◆ TASK DIRECTIONS
Transcribe all of the records word for word, please, omitting the pictures.

== EXTRACTED RECORDS ==

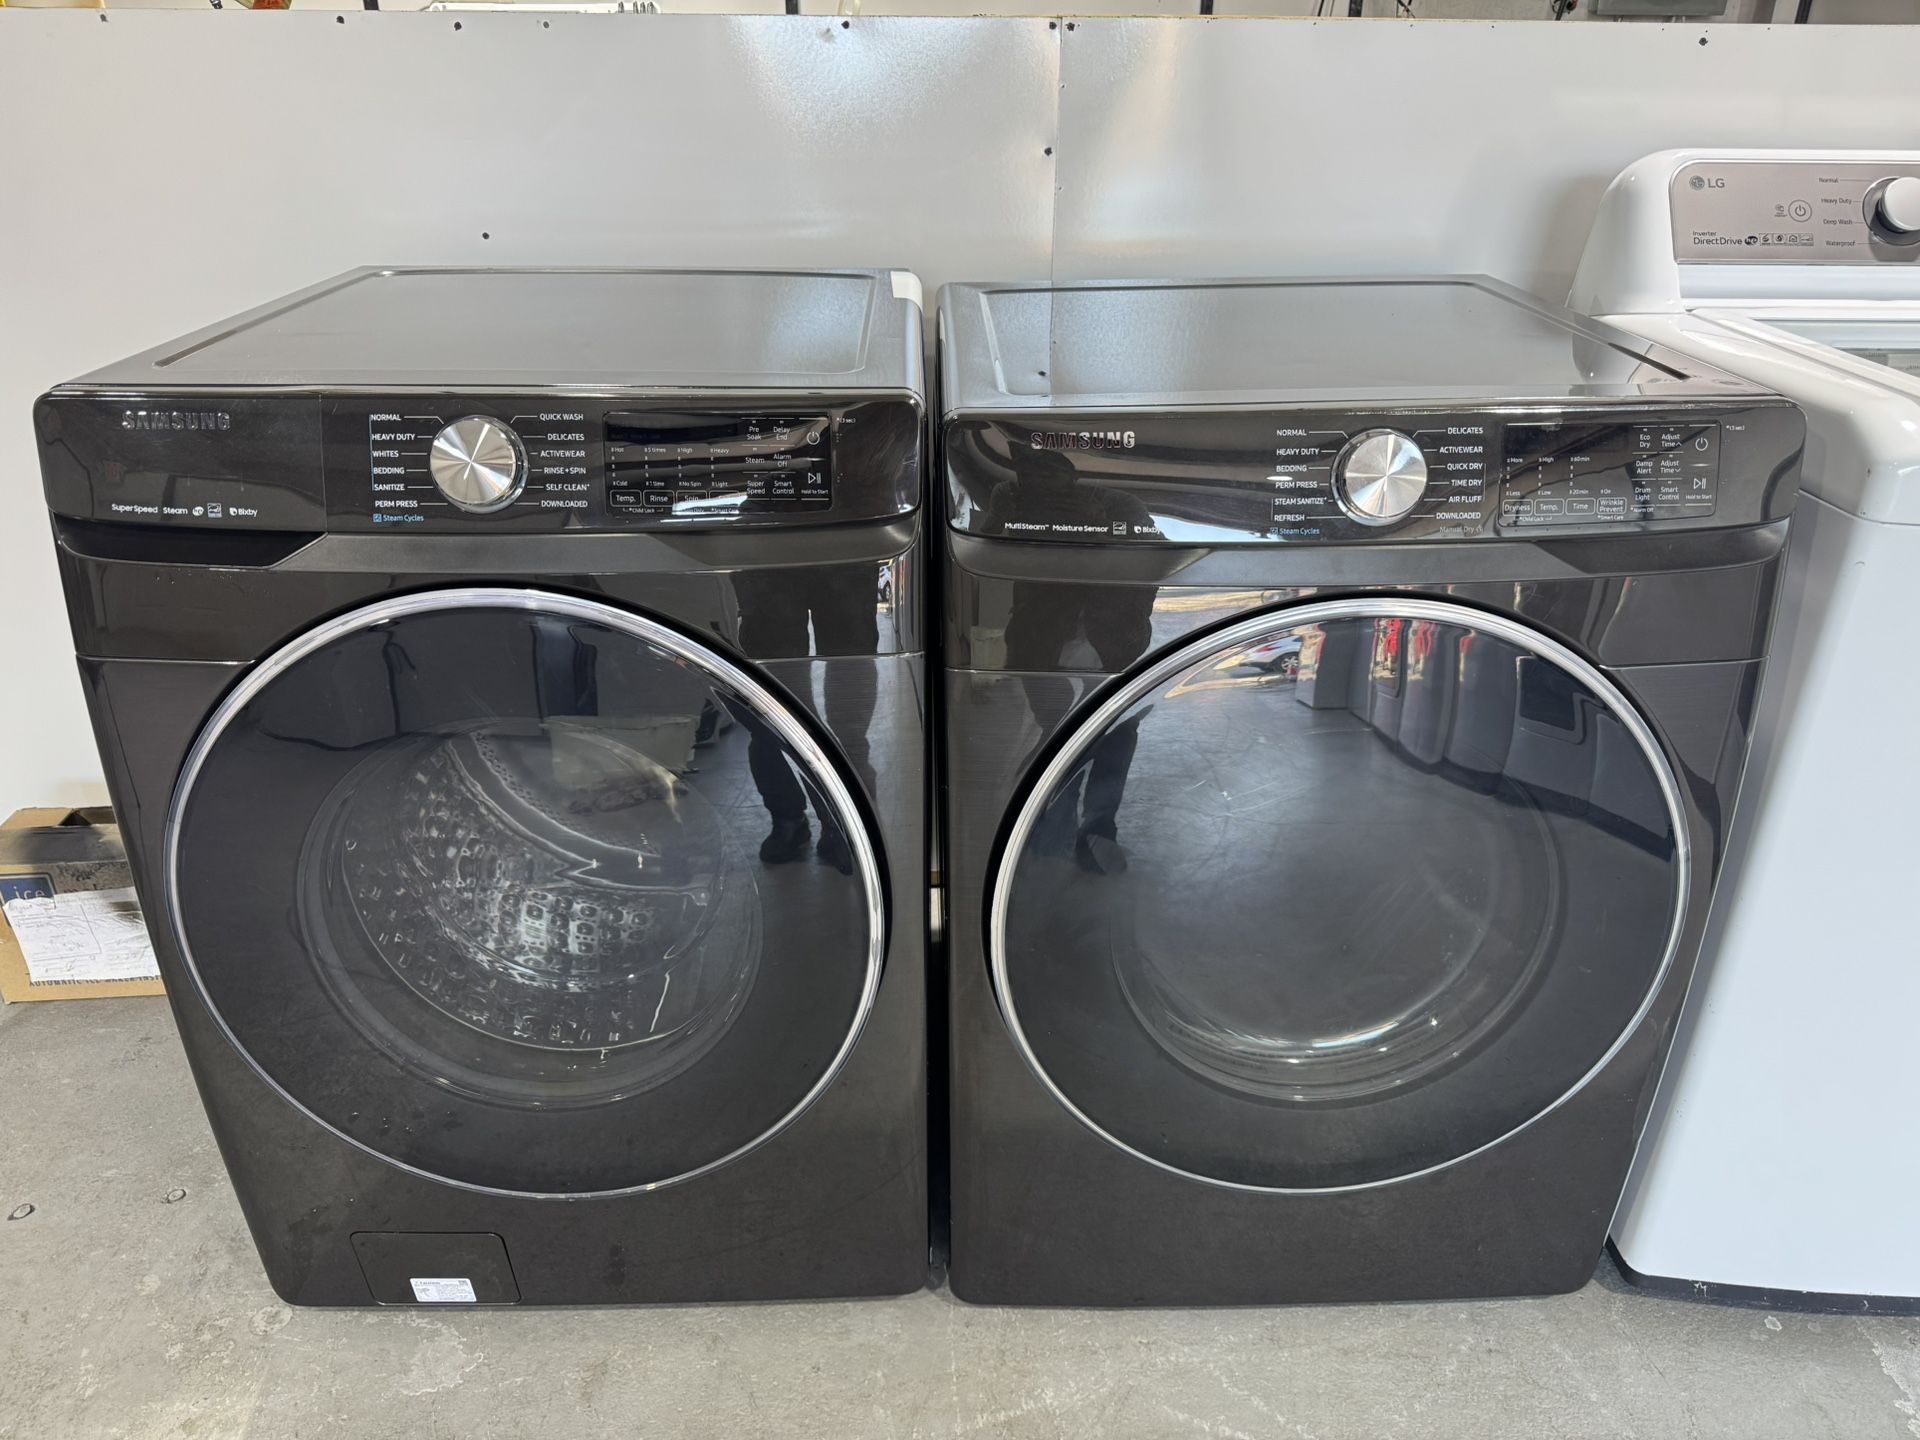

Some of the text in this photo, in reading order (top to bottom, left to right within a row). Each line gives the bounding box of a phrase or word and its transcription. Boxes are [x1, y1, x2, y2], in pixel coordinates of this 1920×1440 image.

[1708, 178, 1725, 188] LG
[122, 411, 232, 430] SAMSUNG
[1031, 431, 1136, 449] SAMSUNG
[238, 508, 258, 517] Bixby
[404, 514, 424, 522] Cycles

===

◆ TASK RESPONSE
Some of the text in this photo, in reading order (top to bottom, left to right within a row). Each line gives the bounding box of a phrase or word and its transcription. Boxes are [x1, y1, x2, y2], in pixel coordinates of this 1920×1440 image.

[1708, 178, 1725, 188] LG
[122, 411, 232, 430] SAMSUNG
[1031, 431, 1136, 449] SAMSUNG
[238, 508, 258, 517] Bixby
[404, 514, 424, 522] Cycles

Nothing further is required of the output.